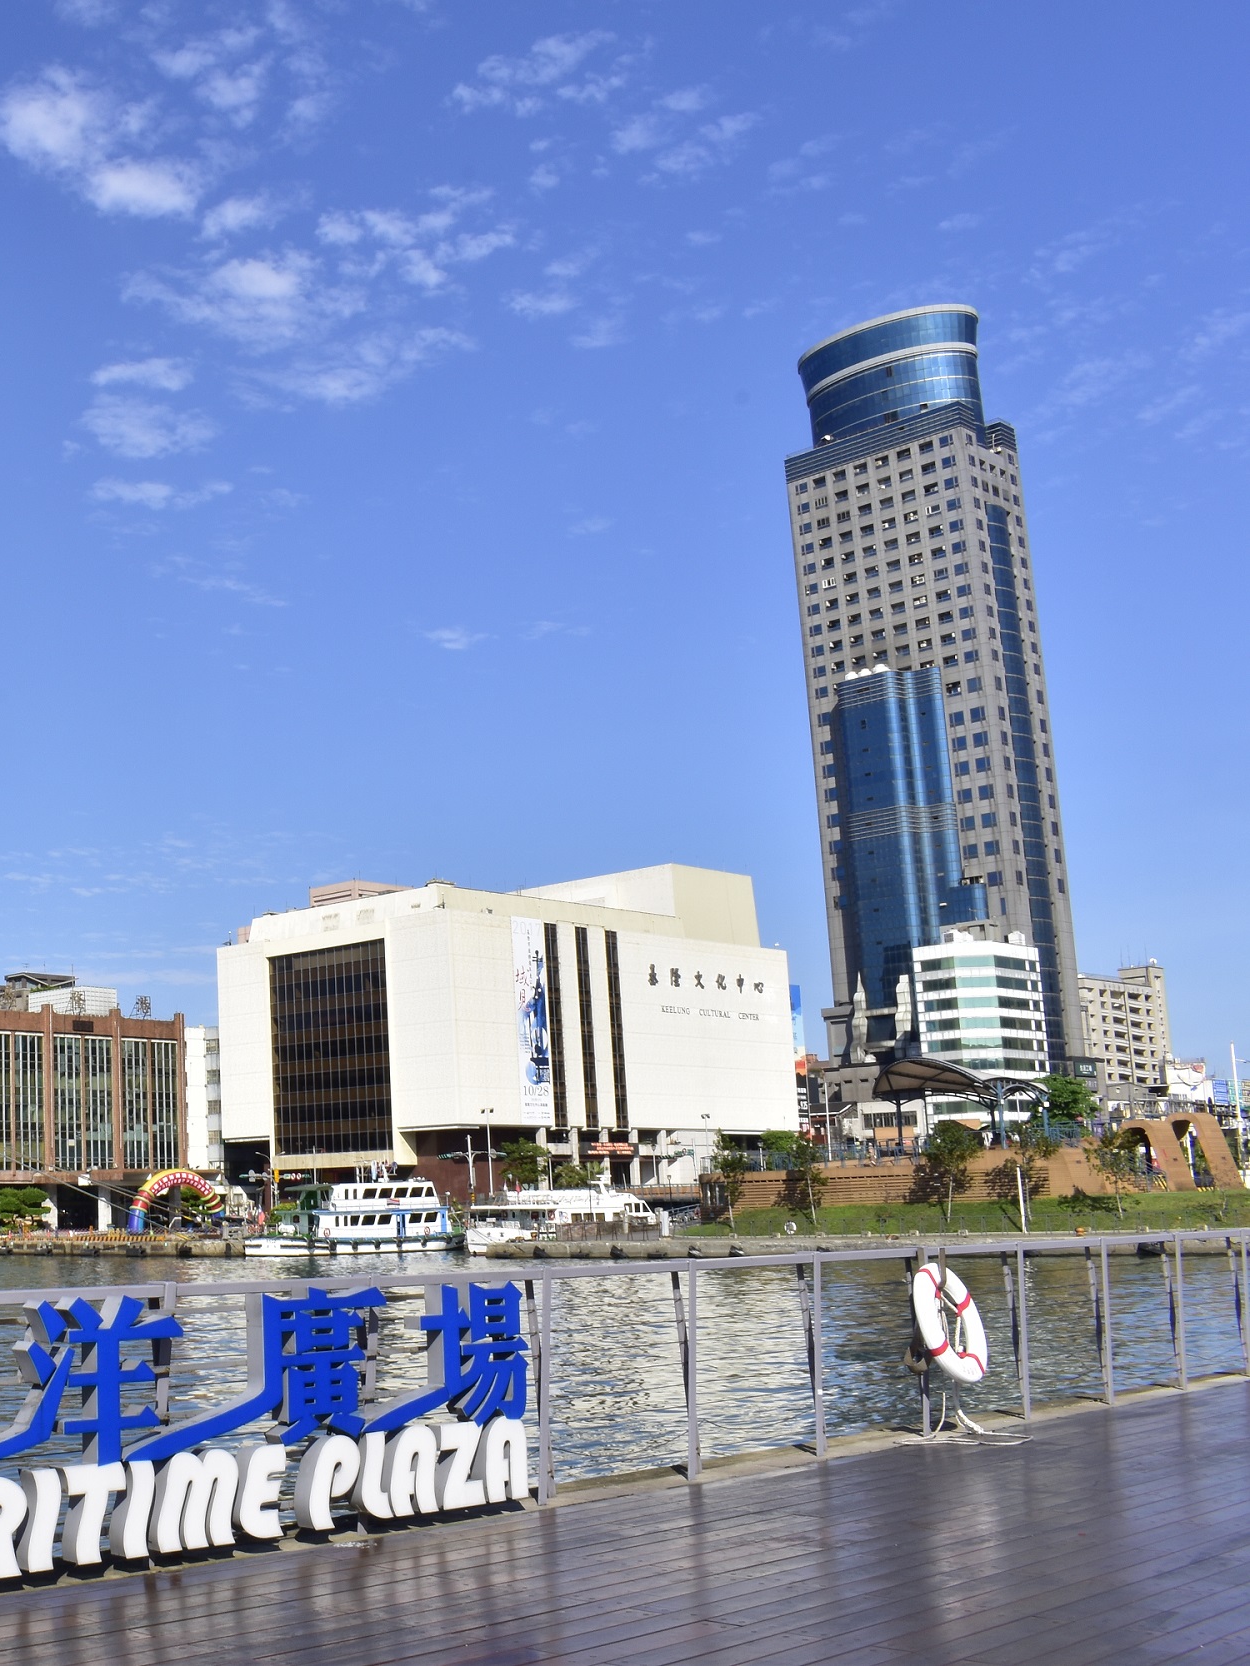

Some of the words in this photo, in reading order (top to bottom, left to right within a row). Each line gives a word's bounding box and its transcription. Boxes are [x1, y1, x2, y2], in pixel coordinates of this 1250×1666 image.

[648, 963, 764, 994] 基隆文化中心
[661, 1005, 691, 1016] KEELUNG
[698, 1008, 731, 1019] CULTURAL
[737, 1012, 760, 1021] CENTER
[523, 1085, 550, 1097] 10/28
[295, 1417, 530, 1532] PLAZA

★ ★ ★ ★ ★

- _What is being asked_: If pictures appear among the entries above, omit them; repeat everything else verbatim.

- _Written answer_:
Some of the words in this photo, in reading order (top to bottom, left to right within a row). Each line gives a word's bounding box and its transcription. Boxes are [x1, y1, x2, y2], in pixel coordinates of this 1250×1666 image.

[648, 963, 764, 994] 基隆文化中心
[661, 1005, 691, 1016] KEELUNG
[698, 1008, 731, 1019] CULTURAL
[737, 1012, 760, 1021] CENTER
[523, 1085, 550, 1097] 10/28
[295, 1417, 530, 1532] PLAZA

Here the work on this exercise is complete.